The court further found that the CIT and COFC cases would not rely on the same evidence. In the CIT case, Acetris contended that its products were TAA-compliant because they are products of the United States having been transformed in the United States. In the COFC case, on the other hand, Acetris contended that its products are TAA-compliant because they are not products of India because they are neither manufactured nor substantially transformed in India. Thus, an adverse ruling in the CIT case—that is, a finding that the pills were not products of the United States—would not necessarily preclude Acetris’ COFC claim—i.e., that the pills are not products of India. It is possible for the pills to be not products of the U.S. and not products of India.

As to the merits of the case, the Federal Circuit agreed with the COFC. The government argued that the pills were products of India because the active ingredient is made in India.
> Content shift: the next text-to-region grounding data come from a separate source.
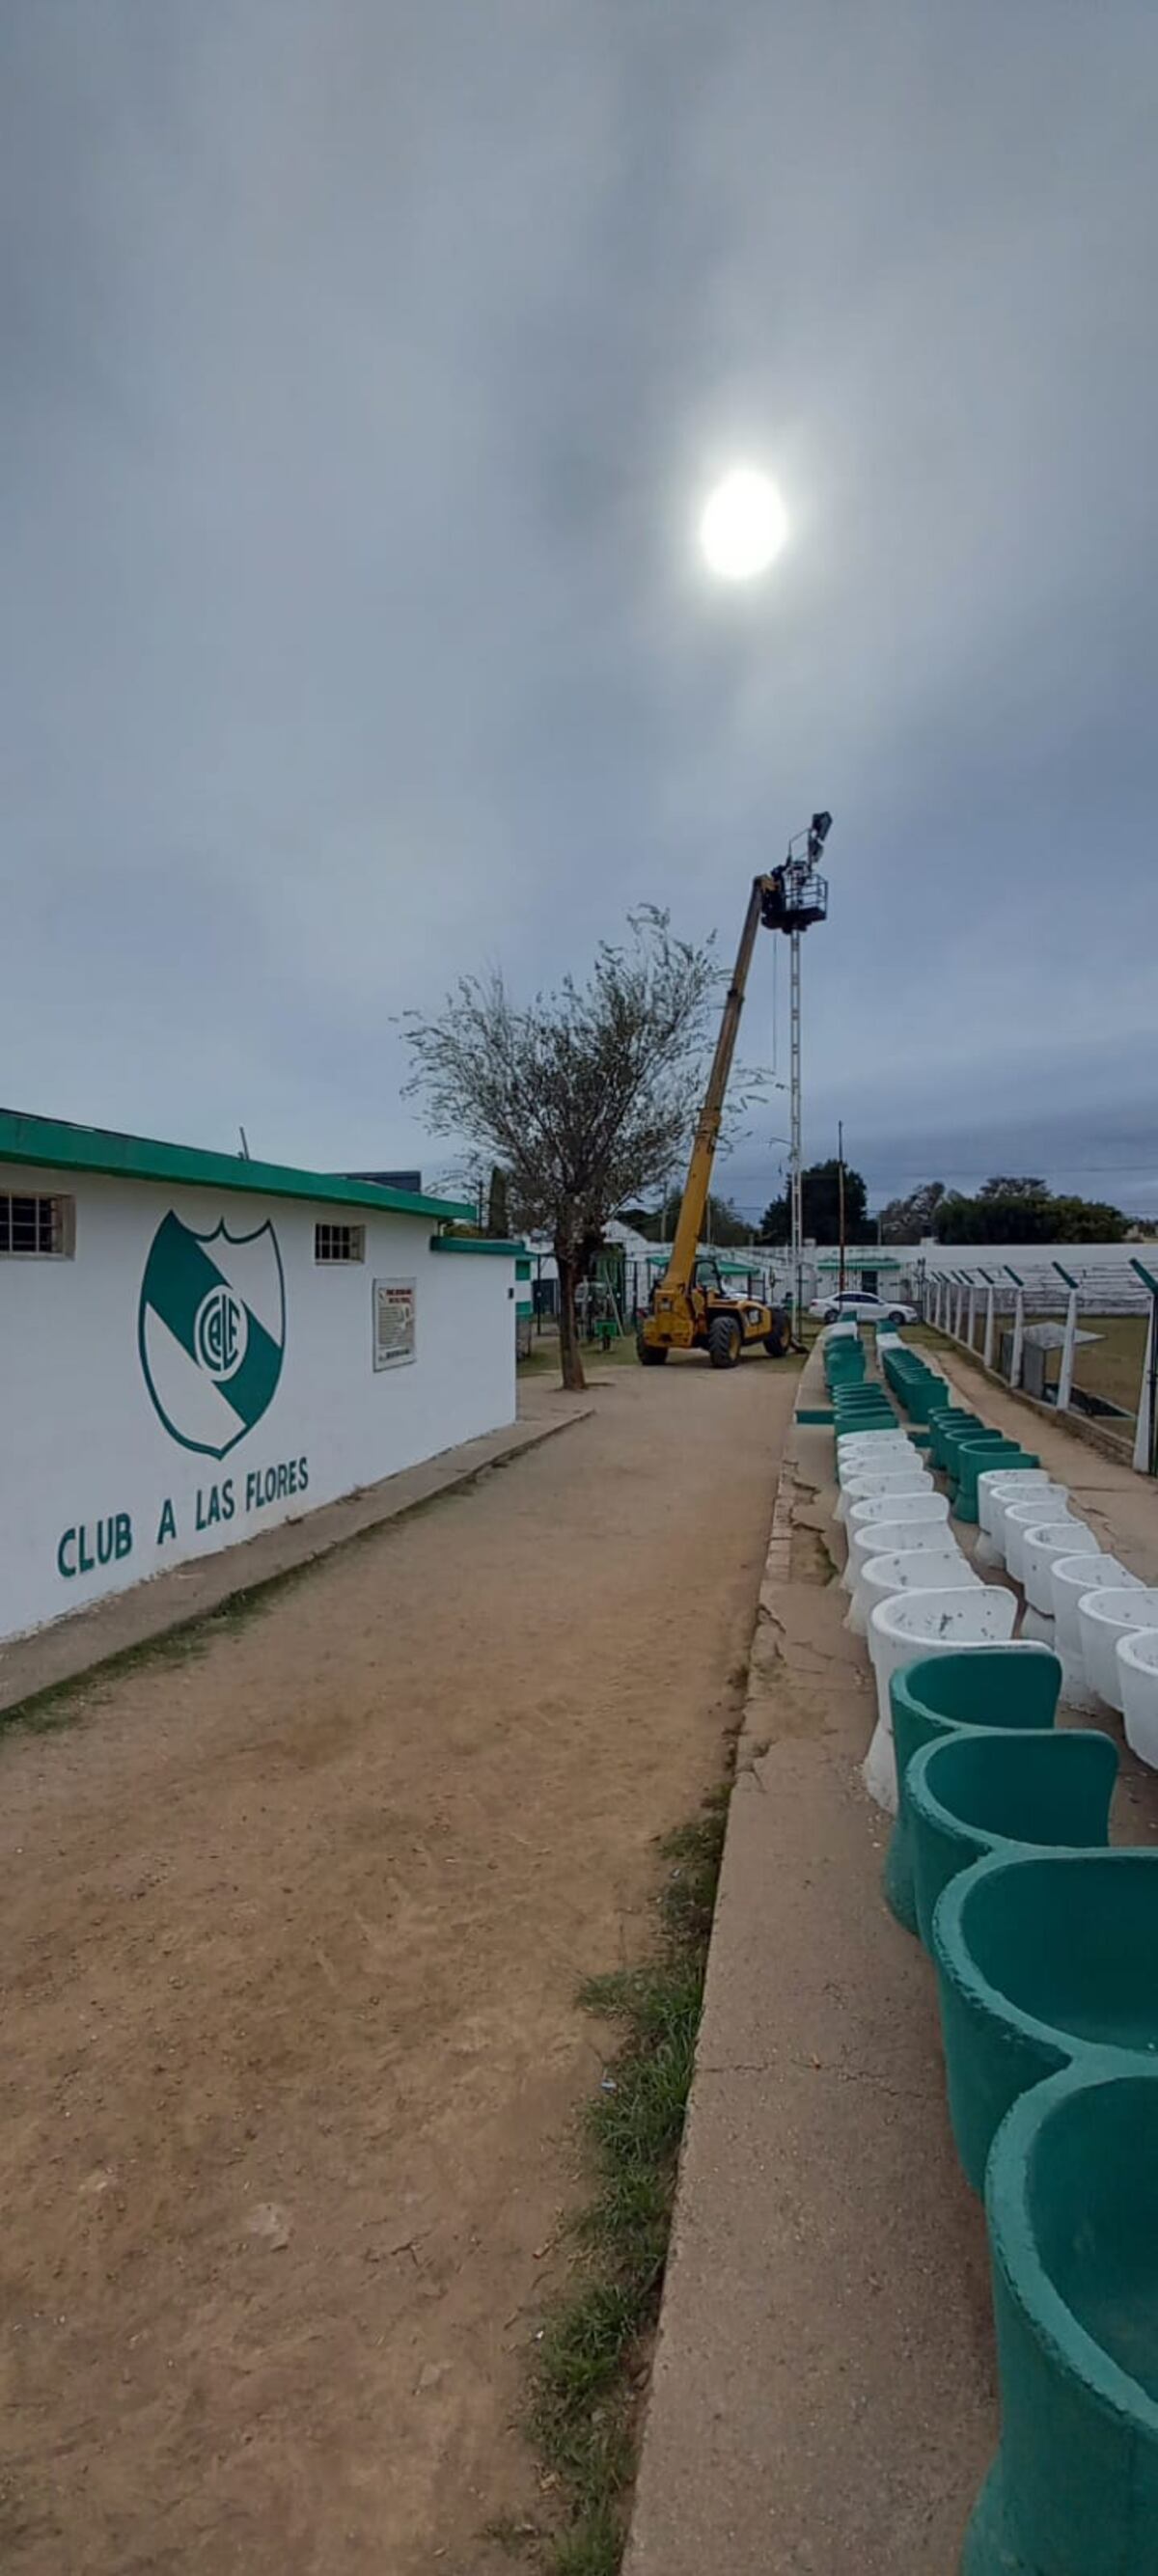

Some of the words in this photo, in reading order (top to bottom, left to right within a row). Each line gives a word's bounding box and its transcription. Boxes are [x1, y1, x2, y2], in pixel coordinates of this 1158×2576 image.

[57, 1512, 132, 1577] CLUB
[156, 1498, 177, 1546] A
[196, 1478, 234, 1530] LAS
[246, 1456, 309, 1512] FLORES
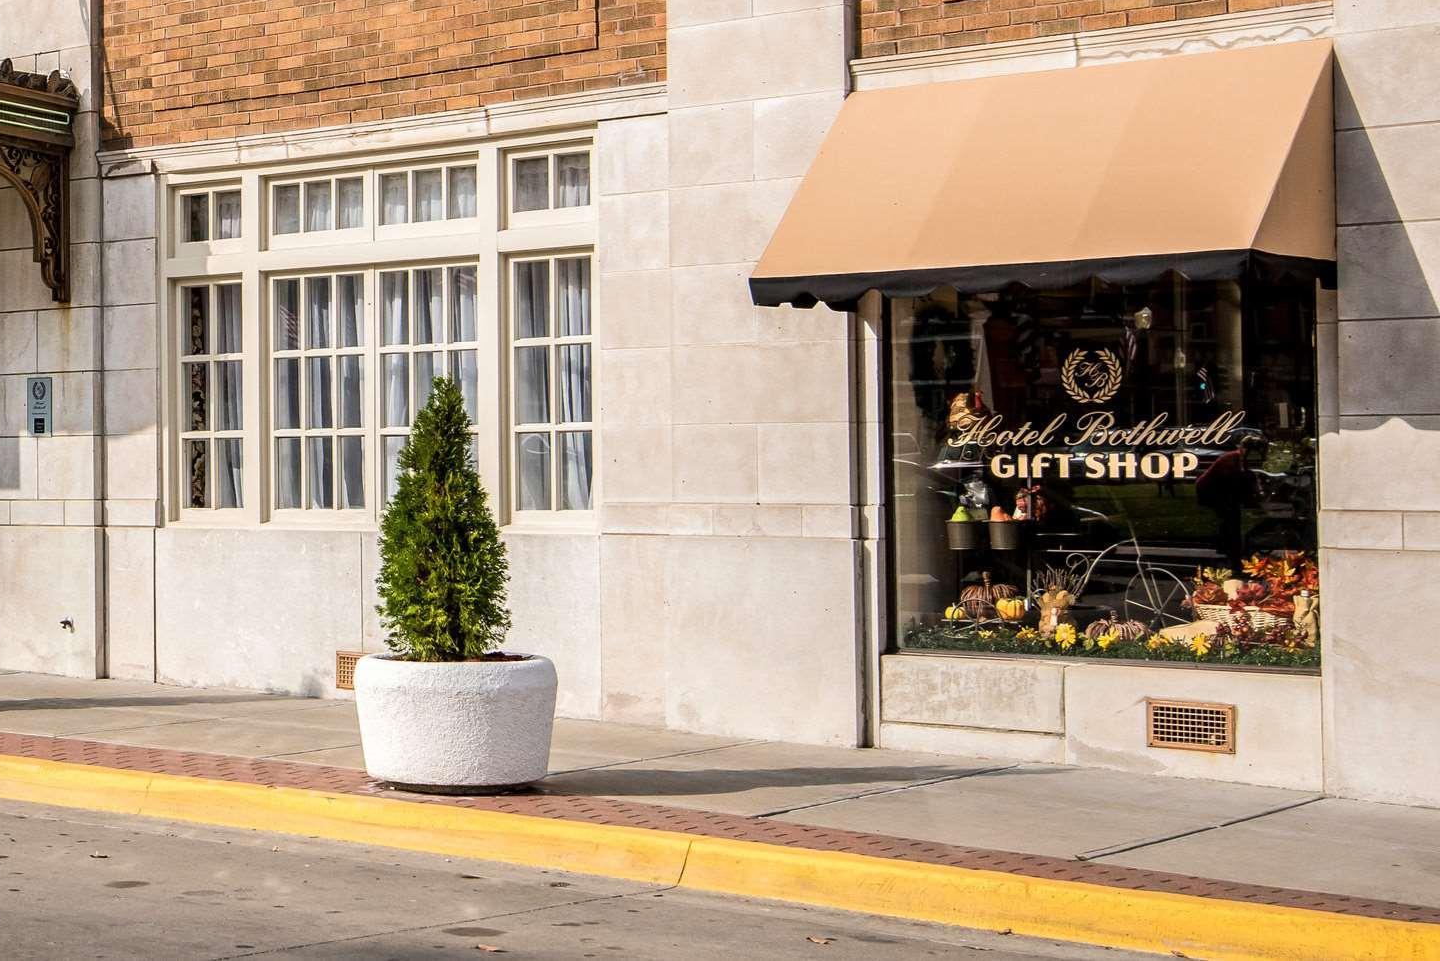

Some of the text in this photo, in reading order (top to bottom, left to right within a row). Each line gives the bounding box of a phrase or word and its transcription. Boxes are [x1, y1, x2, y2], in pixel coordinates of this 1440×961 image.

[947, 410, 1247, 448] Hotel Bothwell
[990, 452, 1199, 479] GIFT SHOP
But the court found there was no Supreme or Circuit court authority holding that a product’ss country of origin is determined by the country in which its active ingredient is manufactured. Rather, the court reasoned, it is clear that under the TAA, the “product” is the final product procured, which in this case would be the pill itself rather than its ingredients. Acetris’ tablets were not foreign products under the TAA because they were not manufactured in India or substantially transformed in India.

The court also found that the FAR’s Trade Agreements clause did not bar Acetris’ products. The FAR provides that the contractor must deliver U.S. made end products. The regulatory history of the term “U.S.-made end product” was clear that the source of a products active ingredient is irrelevant. When the term was introduced to the FAR in 1998, the government explained in the Federal Register that a U.S. made product is one made or transformed in the U.S. regardless of the source of its components.

Although the Federal Circuit affirmed the COFC on the merits, it found the COFC’s remedy “imprecise and confusing.” The Federal Circuit remanded to the COFC to simply declare that (1) under the TAA a pharmaceutical that has an active ingredient from India is not a product of India; and (2) under the FAR, a U.S. made product may include an active ingredient manufactured in another country.

Acetris is represented by Stephen E. Ruscus, James D. Nelson, David B. Salmons, and Donna Lee Yesner of Morgan, Lewis, & Bockius LLP. The government is represented by Daniel B. Volk, Joseph H. Hunt, Robert Edward Kirschman, Jr., and Patricia McCarthy of the U.S. Department of Justice as well as Jennifer Claypool of the Department of Veterans Affairs. Amicus curiae, The Association for Accessible Medicines, is represented by Kyle R. Jefcoat of Latham and Watkins as well as Genevieve Patricia Hoffman and Jeffrey Francer.